The Apache Spark Azure SQL Connector is a huge upgrade to the built-in JDBC Spark connector. It is more than 15x faster than generic JDBC connector for writing to SQL Server. In this short post, I articulate the steps required to build a JAR file from the Apache Spark connector for Azure SQL that can be installed in a Spark cluster and used to read and write Spark Dataframes to and from source and sink platforms.
1. Clone the microsoft/sql-spark-connector GitHub repository.

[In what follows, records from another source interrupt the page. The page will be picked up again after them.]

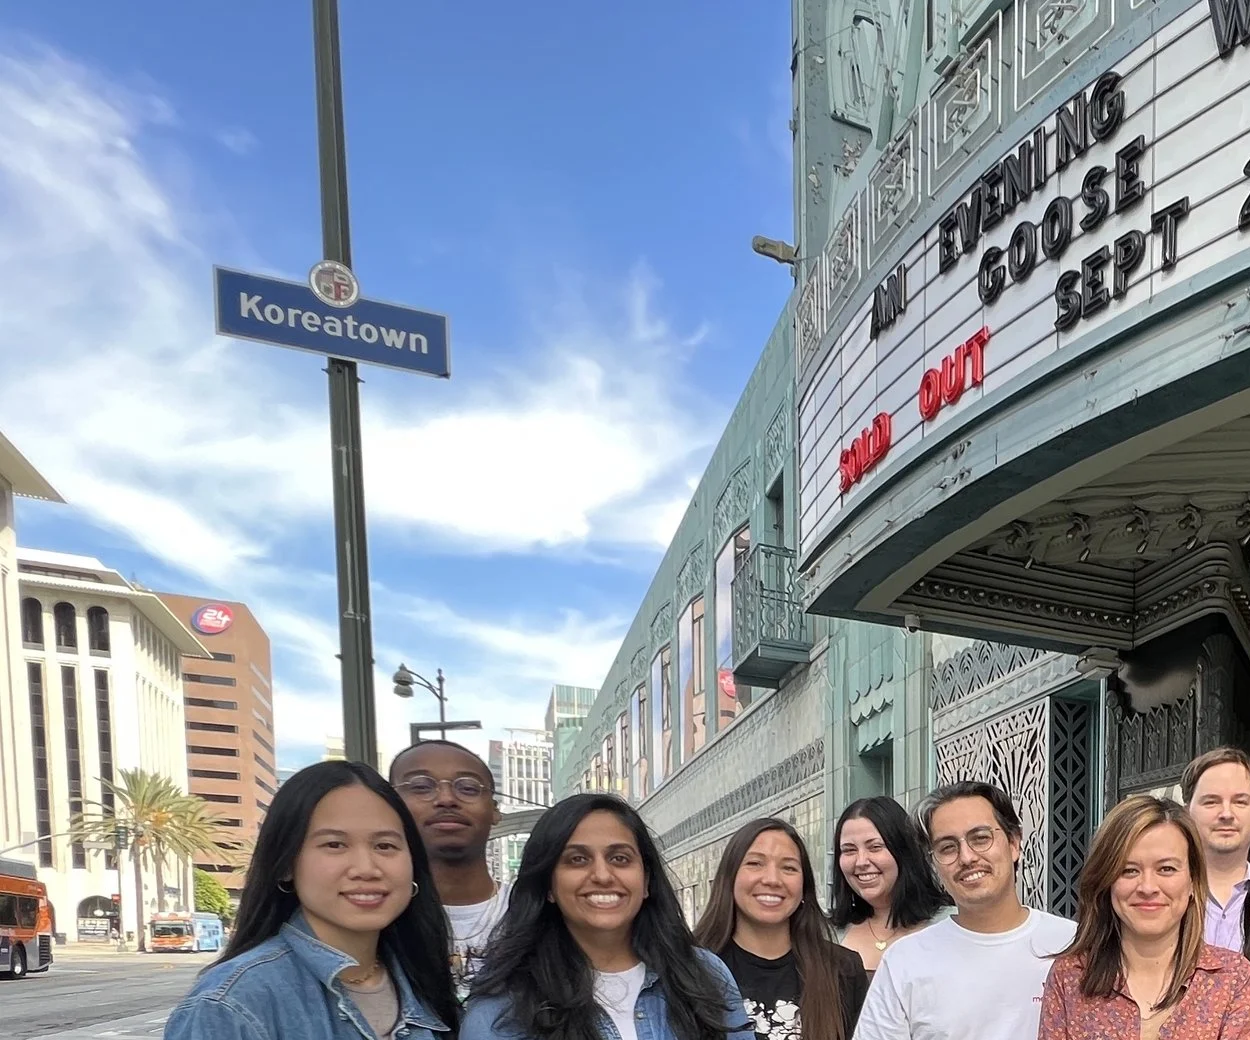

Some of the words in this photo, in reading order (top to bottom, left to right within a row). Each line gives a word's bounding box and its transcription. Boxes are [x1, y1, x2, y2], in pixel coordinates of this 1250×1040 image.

[870, 263, 906, 340] AN
[939, 71, 1125, 274] EVENING
[978, 135, 1145, 305] GOOSE
[239, 292, 428, 354] Koreatown
[839, 412, 892, 494] SOLD
[919, 326, 990, 421] OUT
[1054, 196, 1190, 332] SEPT
[202, 608, 231, 625] 24

2. Download the SBT Scala Build Tool.
Download SBT here.
3. Open a shell console, navigate to root folder of the cloned repository and start the sbt shell as shown in the following screen shot:
4. Build the code files into the jar package using the following command:
5. Navigate to the “target” subfolder to locate the built jar file. Using the Azure Databricks Cluster Library GUI, upload the jar file as a spark library.
Thanks a million!! I’m new to all this and do not have a java/scala background, so none of this is second nature. Not sure why MSFT can’t provide the complied *.jar file. Making us jump through some hoops here…..
You’re welcome dude. I’m glad the post was helpful 🙂
What do you mean by “shell console”? Windows power shell or comand prompt? Because your screenshot don’t look like Windows Power Shell.
And can use just upload the built jar file here? Because it may be impossible for me to install the SBT.
By shell console, I meant Powershell. It’s a Powershell console. I hope this helps you. And thank you for commenting on the post.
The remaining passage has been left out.